Network Security Internet Technology Development Database Servers Mobile Phone Android Software Apple Software Computer Software News IT Information

In addition to Weibo, there is also WeChat

Please pay attention

WeChat public account

Shulou

Thoughts on troubleshooting of excessive CPU occupancy rate of MySQL Services during stress testing

2025-01-18 Update From: SLTechnology News&Howtos shulou NAV: SLTechnology News&Howtos > Internet Technology >

Share

Shulou(Shulou.com)06/03 Report--

0. Experience summary: when you focus on the TPS of the business interface, you should also pay attention to the QPS of the database server. If a business process contains multiple queries, the magnifying effect of the rise of the business interface TPS on the database server QPS will be obvious. If the query result set is small, try to use one query statement to return multiple result sets through a subquery to avoid splitting multiple result sets into multiple database queries, otherwise it will cause too many database connection / query operations, consume IO resources, reduce TPS, and increase CPU occupancy. In business code, try to avoid writing database queries in loop statements. Build the index according to the frequency of the SQL statement, and write the query condition fields according to the field order of the joint index (matching order from left to right). Pay attention to the slow search log 1. Background description

Then we continued to write the last article on Grpc performance tuning. This time, we are testing an API for querying user group list information. This API needs to query all the group information of a user, including the name and number of members of each group.

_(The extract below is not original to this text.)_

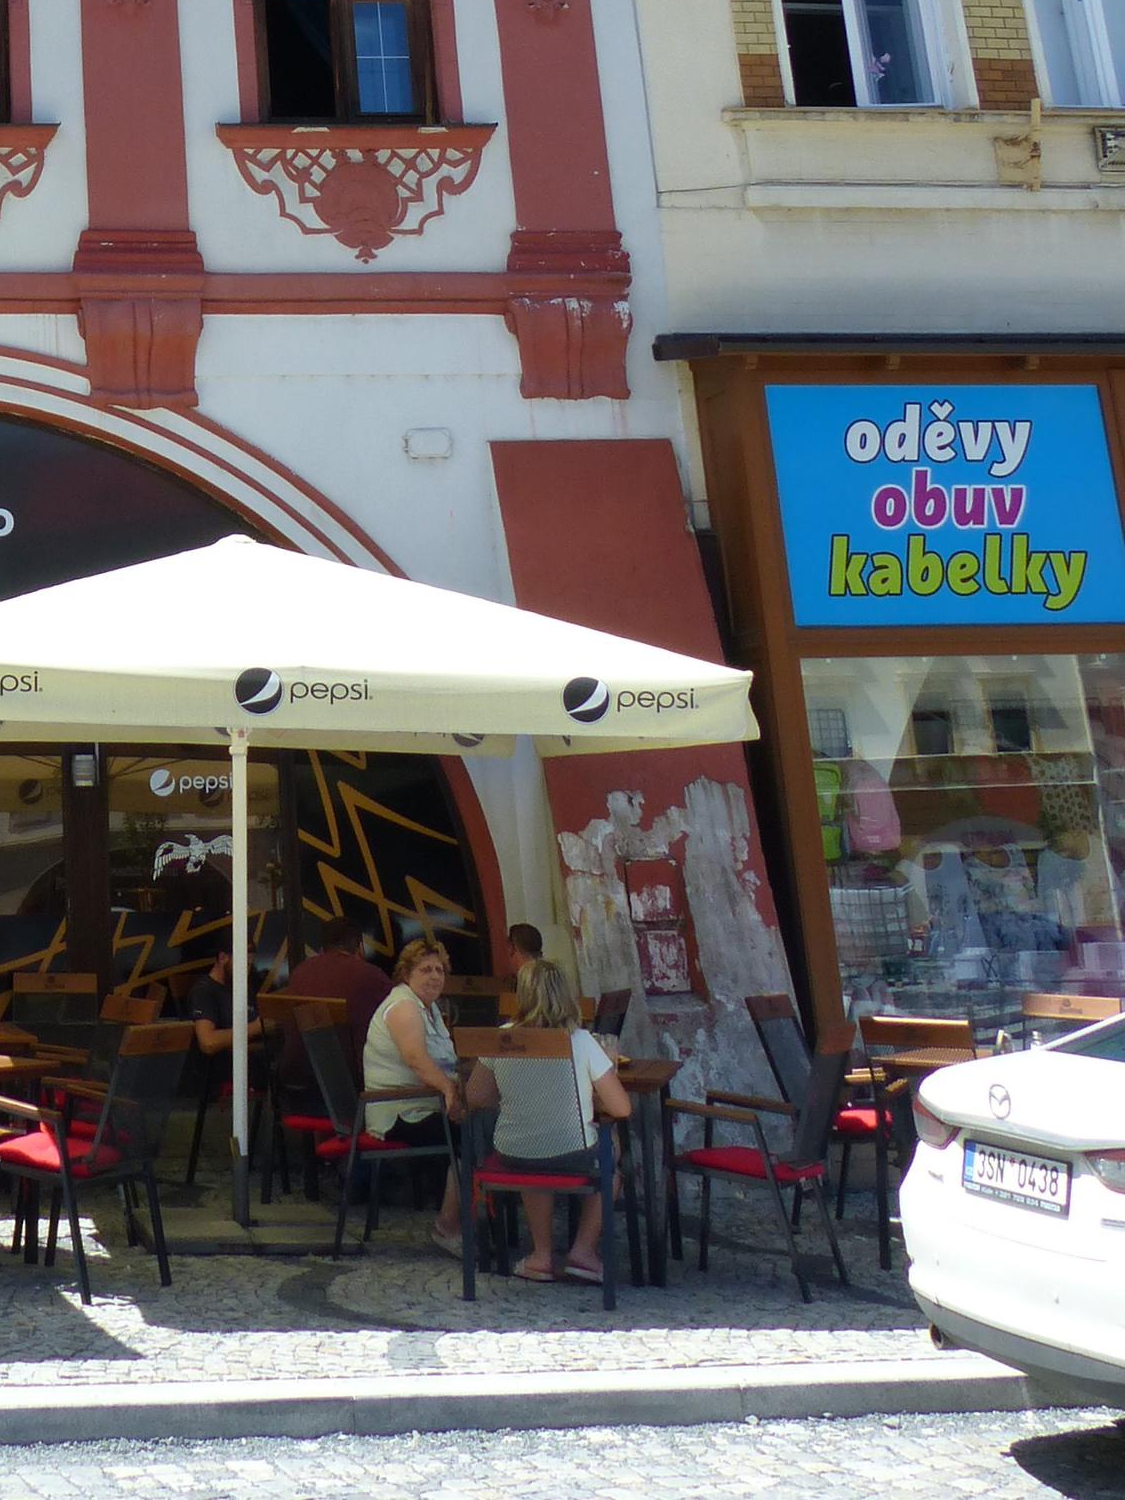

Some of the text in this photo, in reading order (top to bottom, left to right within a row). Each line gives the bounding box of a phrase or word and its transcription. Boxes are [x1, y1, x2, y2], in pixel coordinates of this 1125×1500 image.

After the previous optimization of the JVM parameters of the business machine, there are no problems such as frequent GC of the business machine, high CPU occupancy rate, not going to the TPS, and so on. But we have encountered two new problems: when the concurrency of the business interface is about 50 and TPS600, the pressure test interface has a timeout error, and the database server CPU occupancy rate is more than 93%!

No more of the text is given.